Amos Decker is a former NFL football player who, just as his pro career started, received a traumatic brain injury. The injury not only knocked him out of football but, also, left him with a disorder in which he remembers everything, including the painful events he would rather forget like the murders of his wife and daughter.
The Last Mile begins with Decker headed from Burlington, Ohio to Quantico, VA to take a position with a newly-formed team at the FBI. The team combines combining FBI agents with civilians who have their own special gifts.
Fate intervenes when Decker turns on his radio and listens to a PBR broadcast. He hears the story of Melvin Mars who had been on death row for twenty years for the grisly murder of his parents. Some of the details of the case reminds Decker of his own life. As Mars was on the way to be executed, he learns that he has just received a pardon. A man in another state has confessed to the murders. The catch is he is to be executed within a few days.
Decker asks an obvious question. After twenty years, why should the real killer come forward now?
He convinces the new team to investigate the case, only to learn that there is much more involved than first thought.

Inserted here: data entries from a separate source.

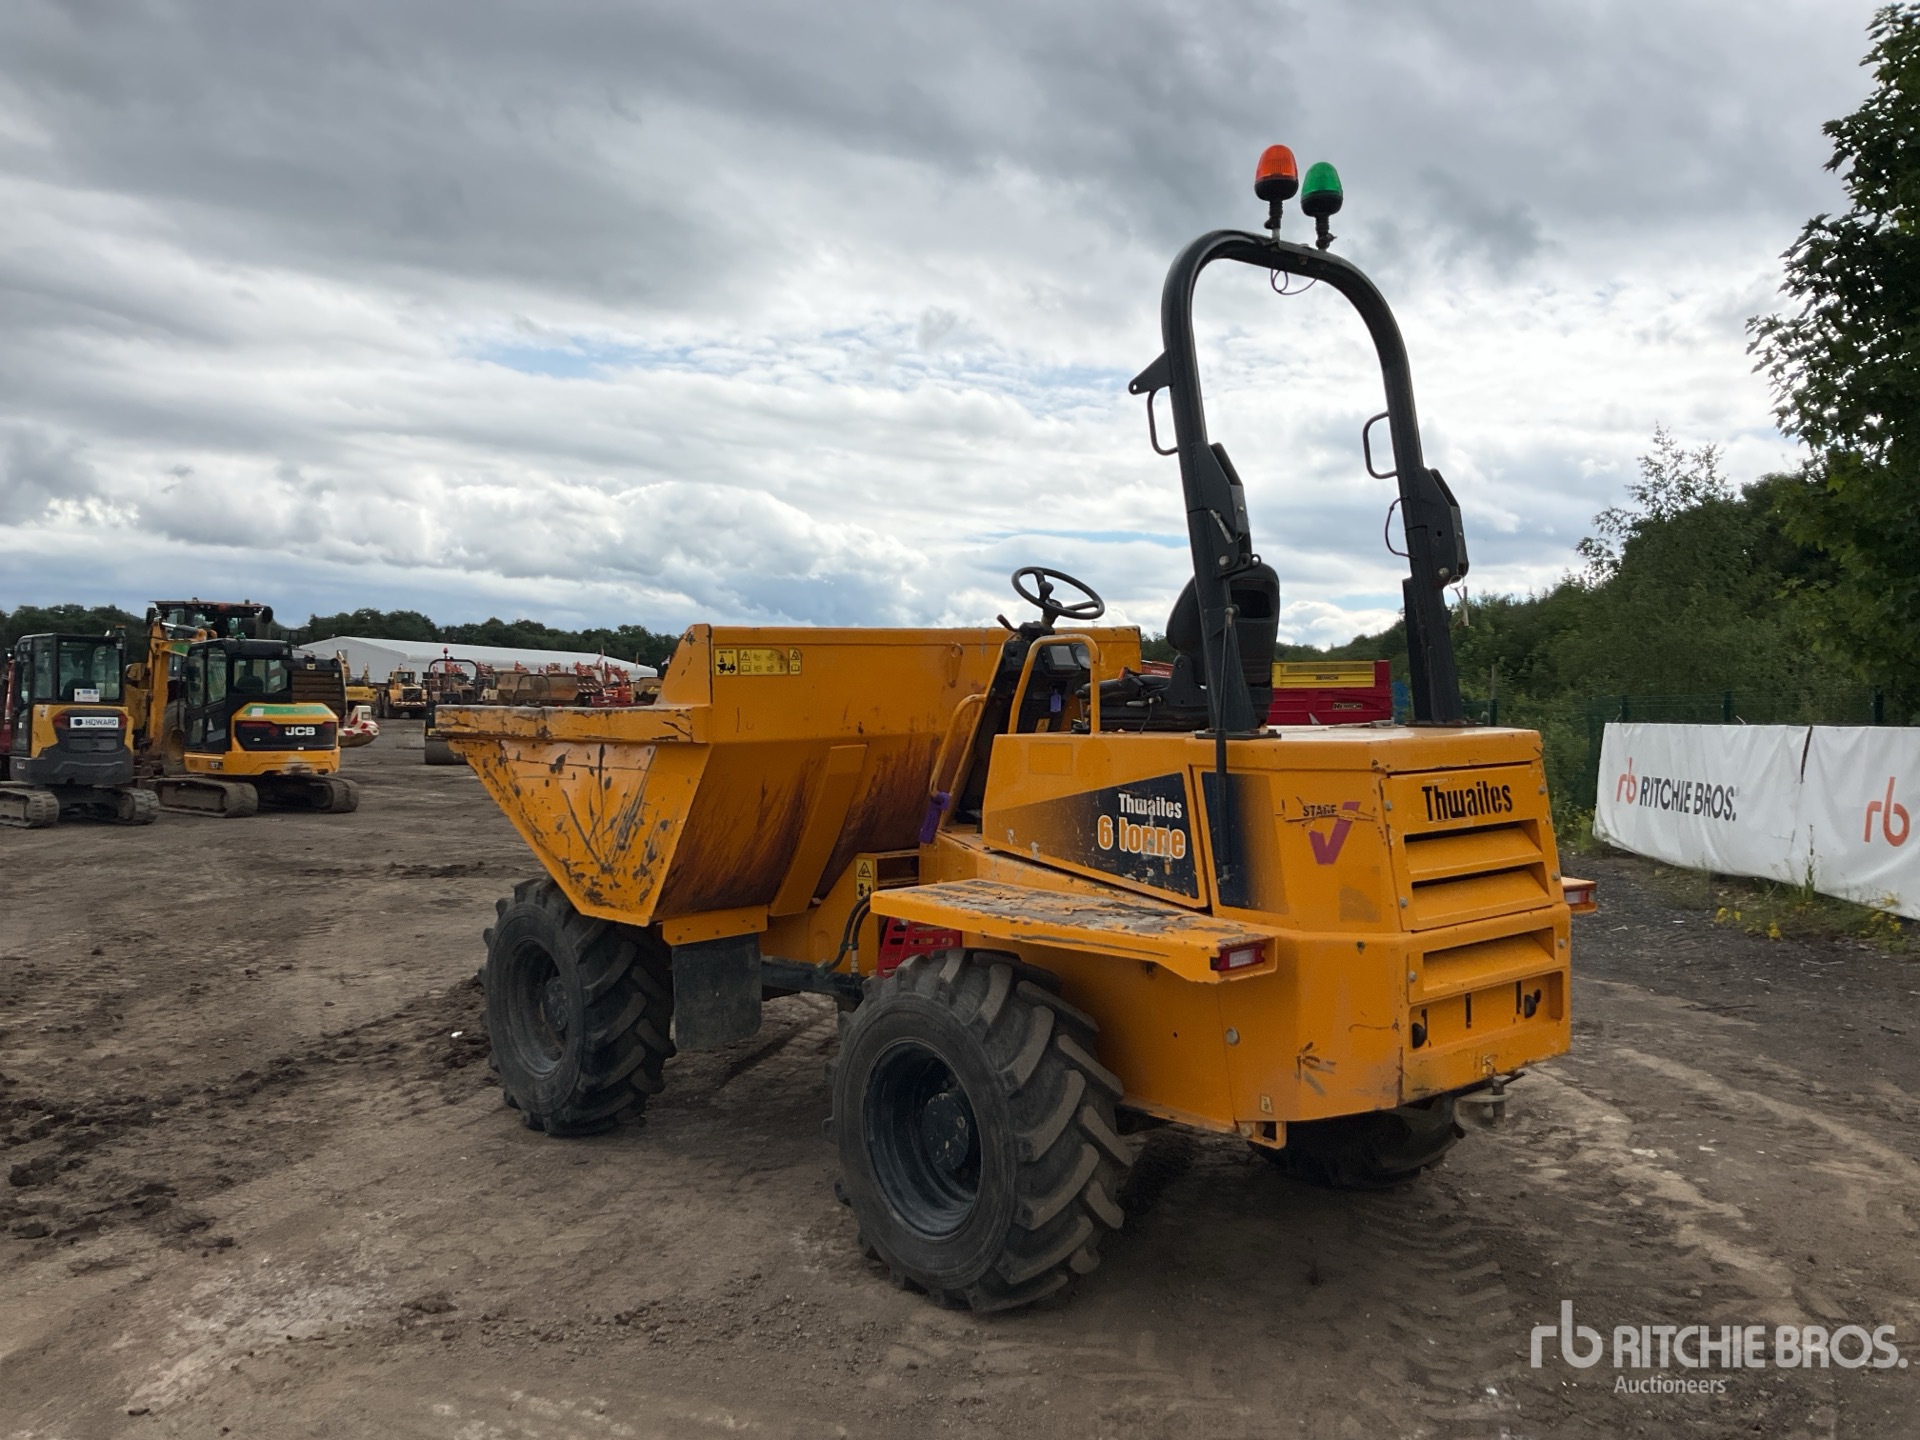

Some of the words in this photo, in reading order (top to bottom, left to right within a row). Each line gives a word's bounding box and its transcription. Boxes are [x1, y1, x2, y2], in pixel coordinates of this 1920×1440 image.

[285, 726, 316, 736] JCB
[1118, 793, 1182, 819] Thwaites
[1422, 780, 1513, 822] Thwaites
[1616, 757, 1637, 805] rb
[1639, 776, 1693, 813] RITCHIE
[1693, 782, 1737, 822] BROS.
[1863, 776, 1911, 847] rb
[1097, 814, 1114, 851] 6
[1118, 816, 1186, 860] tonne

When the case begins taking some unexpected turns, the FBI team is told to drop the case and return to Quantico.
Leaving Decker determined to continue without the FBI.
David Baldacci leads us on a captivating adventure with many thrills and twists. The characters are diverse and well written.
Some Takeaways to Consider in Our Stories
The Last Mile left me with a couple of thoughts about the choices a writer has to make about their characters. It is hard to give someone a special gift like Decker’s memory and make the reader appreciate both its strengths and weaknesses. We don’t see him struggle with unwanted thoughts coming at the wrong time and hampering the case. That might be wise because it could have bogged down the story. But if you give a character a gift, like Superman’s strength, you can lose the tension of how he will get through this.
Decker’s reticence also plays to this. Readers like the quiet, strong guy. But like his frustrated girlfriend, the reader can have a problem knowing and connecting with such a character.An author has to find the balance between being strong and being vulnerable. You can have both. Courage is not the absence of fear, but the determination to slog through it.The tough, quiet guy can have a big following, like Lee Cobb’s Reacher, John D. MacDonald’ Travis McGee, and, I am sure, Amos Decker. Showing more vulnerability, on the other hand, might increase the tension and help the reader identify with the character.
The Last Mile is a strong entry into what I hope is a long series. Amos Decker is a character who leaves us wanting to get to know him better.